Saved data entries:

::::::::::

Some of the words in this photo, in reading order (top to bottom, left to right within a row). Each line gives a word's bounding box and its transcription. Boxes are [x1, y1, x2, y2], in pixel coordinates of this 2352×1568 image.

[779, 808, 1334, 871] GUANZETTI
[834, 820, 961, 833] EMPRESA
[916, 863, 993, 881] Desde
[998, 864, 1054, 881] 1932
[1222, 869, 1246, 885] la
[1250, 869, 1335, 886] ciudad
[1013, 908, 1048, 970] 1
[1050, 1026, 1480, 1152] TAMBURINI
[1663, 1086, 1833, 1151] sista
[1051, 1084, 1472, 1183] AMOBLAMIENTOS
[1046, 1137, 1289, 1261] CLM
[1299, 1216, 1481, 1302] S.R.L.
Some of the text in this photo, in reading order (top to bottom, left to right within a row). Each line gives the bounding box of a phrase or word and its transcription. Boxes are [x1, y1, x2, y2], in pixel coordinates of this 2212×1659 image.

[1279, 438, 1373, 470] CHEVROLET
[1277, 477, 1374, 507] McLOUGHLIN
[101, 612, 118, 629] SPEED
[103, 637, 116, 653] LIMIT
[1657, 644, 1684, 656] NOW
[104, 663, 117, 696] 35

::::::::::

> _Work request_: Restate the data word for word.

> _Written response_:
Some of the words in this photo, in reading order (top to bottom, left to right within a row). Each line gives a word's bounding box and its transcription. Boxes are [x1, y1, x2, y2], in pixel coordinates of this 2352×1568 image.

[779, 808, 1334, 871] GUANZETTI
[834, 820, 961, 833] EMPRESA
[916, 863, 993, 881] Desde
[998, 864, 1054, 881] 1932
[1222, 869, 1246, 885] la
[1250, 869, 1335, 886] ciudad
[1013, 908, 1048, 970] 1
[1050, 1026, 1480, 1152] TAMBURINI
[1663, 1086, 1833, 1151] sista
[1051, 1084, 1472, 1183] AMOBLAMIENTOS
[1046, 1137, 1289, 1261] CLM
[1299, 1216, 1481, 1302] S.R.L.
Some of the text in this photo, in reading order (top to bottom, left to right within a row). Each line gives the bounding box of a phrase or word and its transcription. Boxes are [x1, y1, x2, y2], in pixel coordinates of this 2212×1659 image.

[1279, 438, 1373, 470] CHEVROLET
[1277, 477, 1374, 507] McLOUGHLIN
[101, 612, 118, 629] SPEED
[103, 637, 116, 653] LIMIT
[1657, 644, 1684, 656] NOW
[104, 663, 117, 696] 35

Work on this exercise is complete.